RNAi沉默WT1基因对人肝癌细胞HepG2的影响

Effect of RNAi silencing of theWT1 gene on the apoptosis of human hepatocellular carcinoma cell hepG2

目的：探讨利用RNA干扰沉默WT1基因对人肝癌细胞HepG2细胞生长，凋亡的影响，为肝癌的基因治疗提供理论依据。方法：利用脂质体将siRNA真核表达载体转入HepG2细胞中，并检测转染效率；利用免疫细胞化学染色方法检测HepG2细胞中WT1蛋白水平的表达，测定基因沉默效果；用MTT法测定HepG2细胞生长曲线；电镜下观察细胞凋亡形态，流式细胞仪检测凋亡率。结果：利用脂质体为载体将siRNA真核表达载体转染HepG2细胞，转染率达70％以上，转染后细胞中WT1蛋白表达水平下降；RNA干扰沉默WT1基因可抑制细胞增殖，促进细胞凋亡。结论：靶向WT1的序列特异性siRNA可显著抑制WT1基因的表达；下调HepG2细胞WT1基因表达可抑制细胞增殖，促进细胞凋亡。

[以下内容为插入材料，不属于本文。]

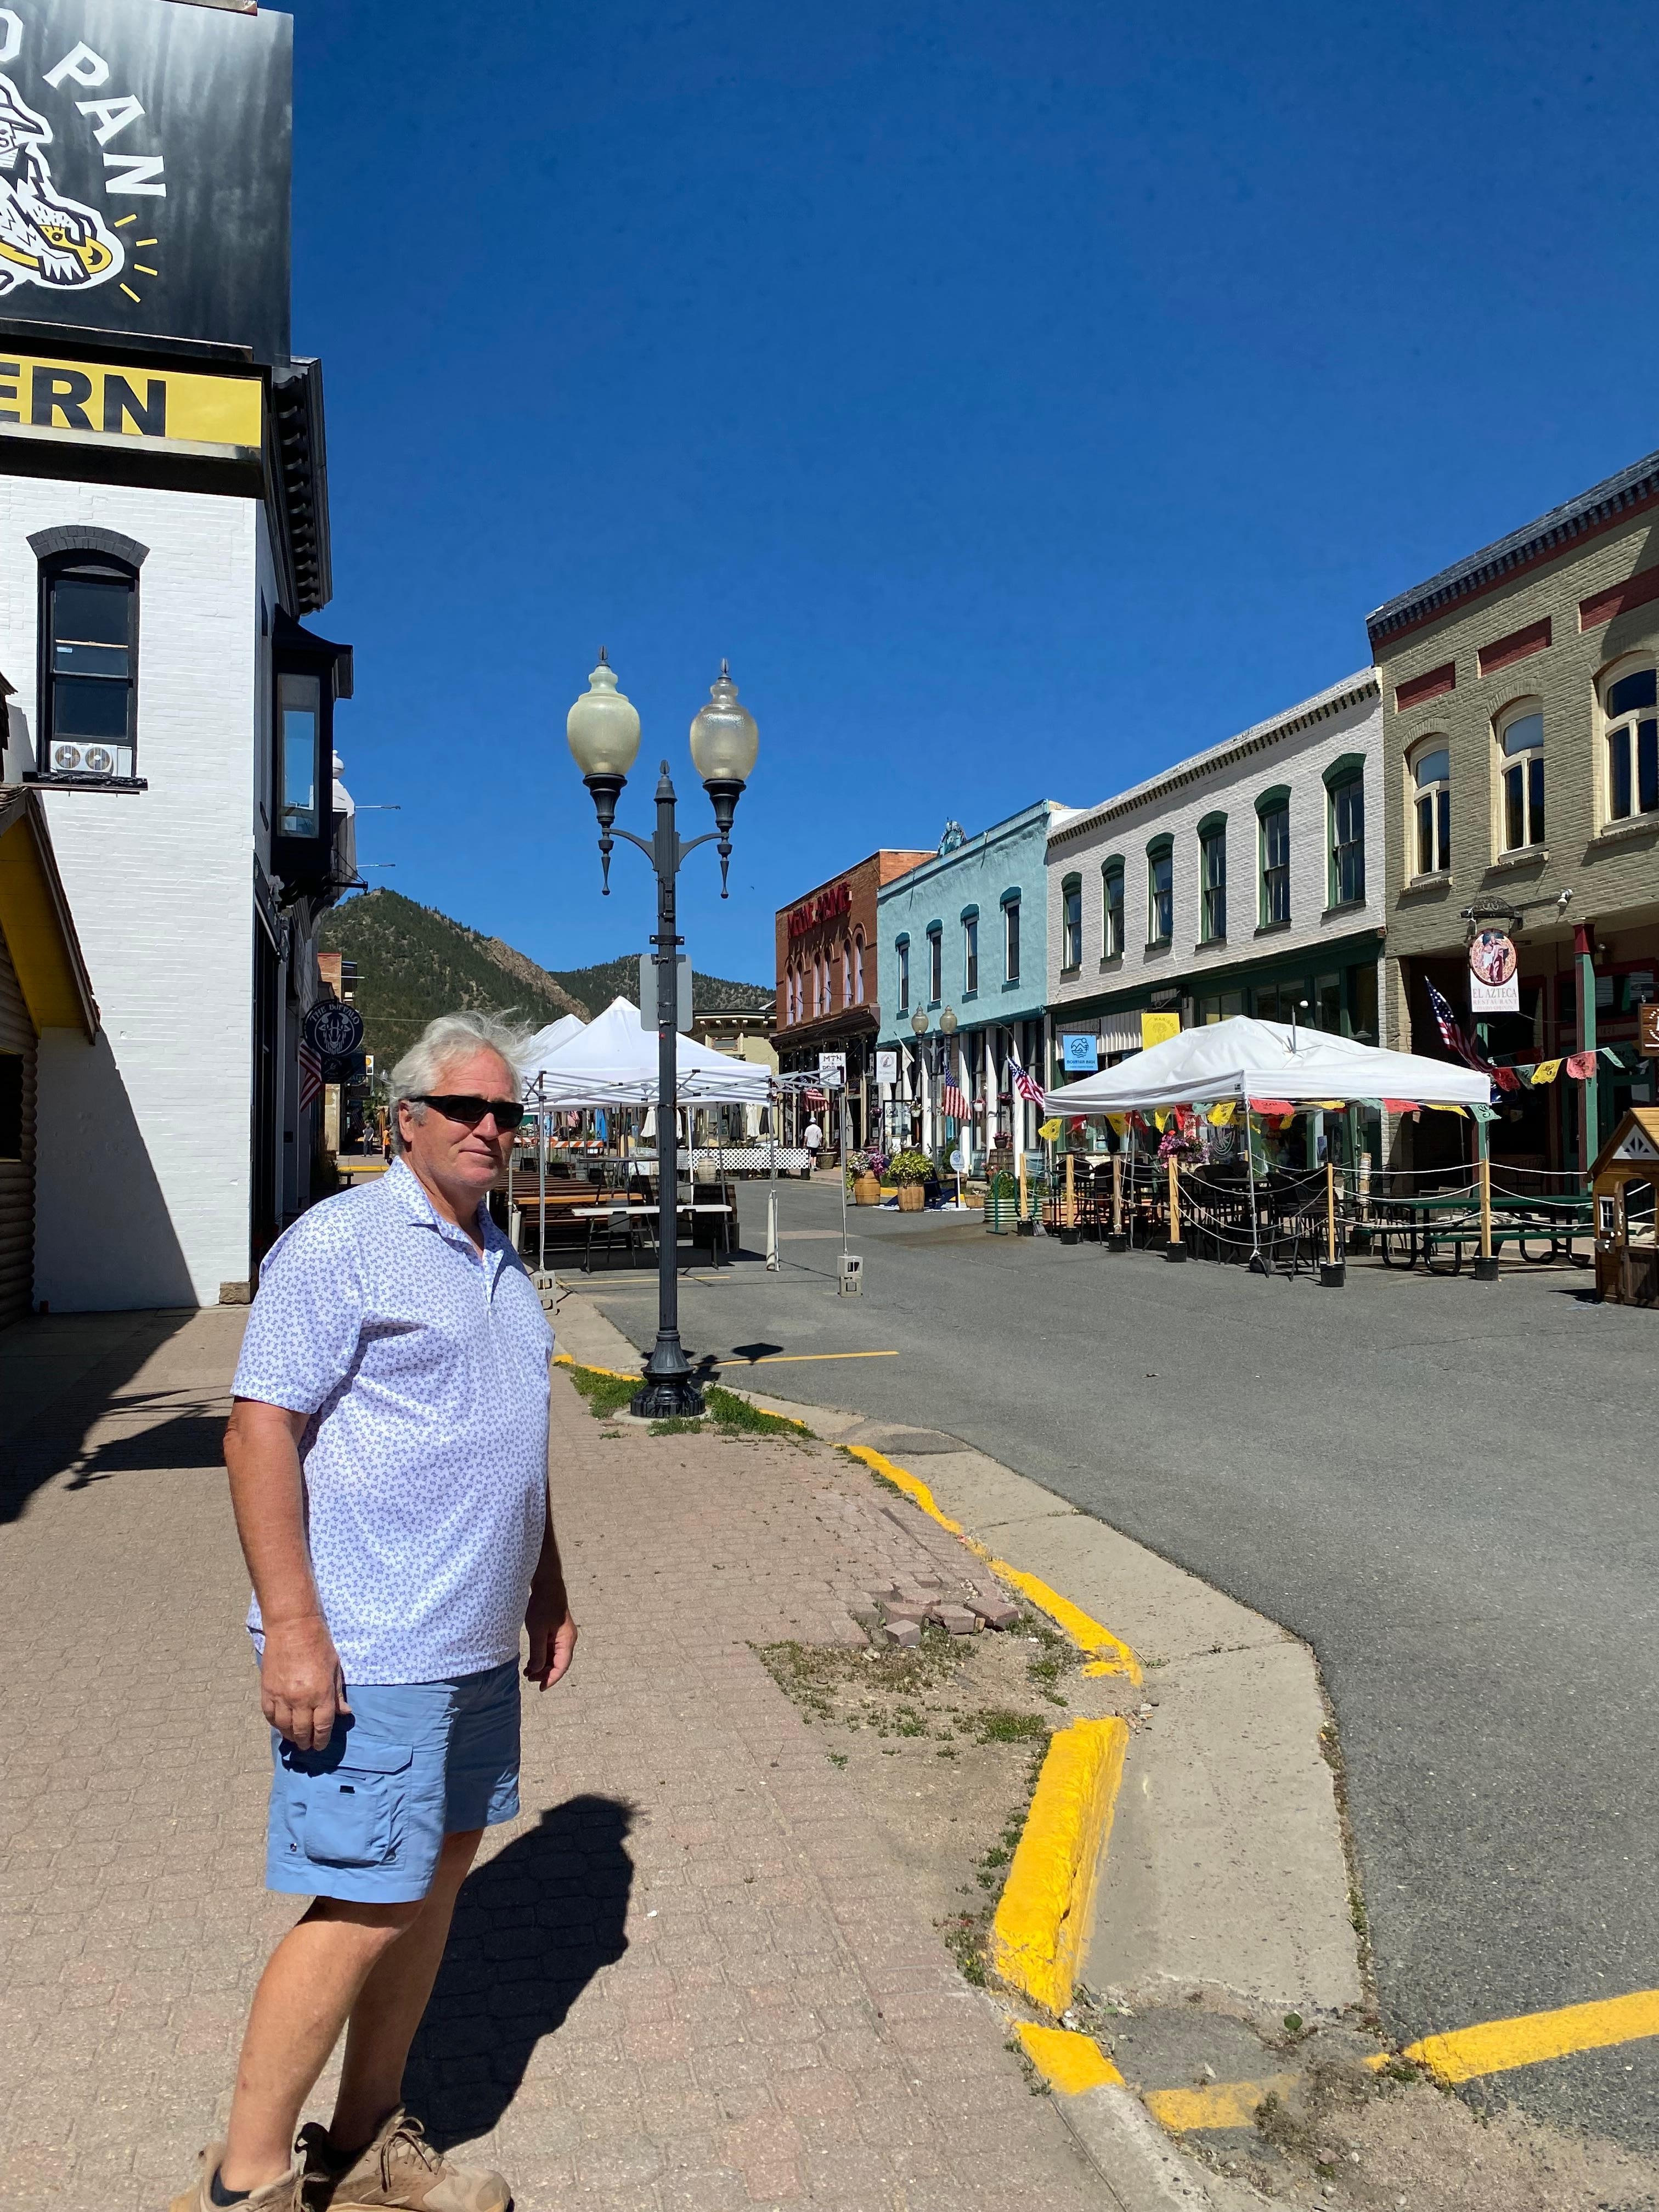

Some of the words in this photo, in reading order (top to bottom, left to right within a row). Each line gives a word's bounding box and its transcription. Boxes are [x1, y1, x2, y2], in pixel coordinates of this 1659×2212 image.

AIM： To inhibit the expression of WT1 gene in HepG2 cells by siRNA, to study the effect of WT1 on the proliferation and apoptosis. METHODS： HepG2 cells was transfected with WT1-siRNA by liposomes. The protein expression of WT1 in HepG2 cells was detected by immunocytochemistry to detect the effect of WT1 gene silencing. Tumor cells growth was detected by MTT assay. Morphology of apoptotic cells was observed by electron microscope and fluorescence. RESULTS： HepG2 cells was transfected with WT1-siRNA by liposomes, and the expression of WT1 were inhibited signifycantly. The transfection rate was over 70%. Silencing of WT1 by siRNA can inhibit cell proliferation and promote apoptosis. CONCLUSION： Sequence-specific siRNA targeting to WT1 can inhibit WT1 gene expression significantly. The decreesed expression of WT1 gene inhibits cell proliferation and promotes apoptosis of hepG2 cells.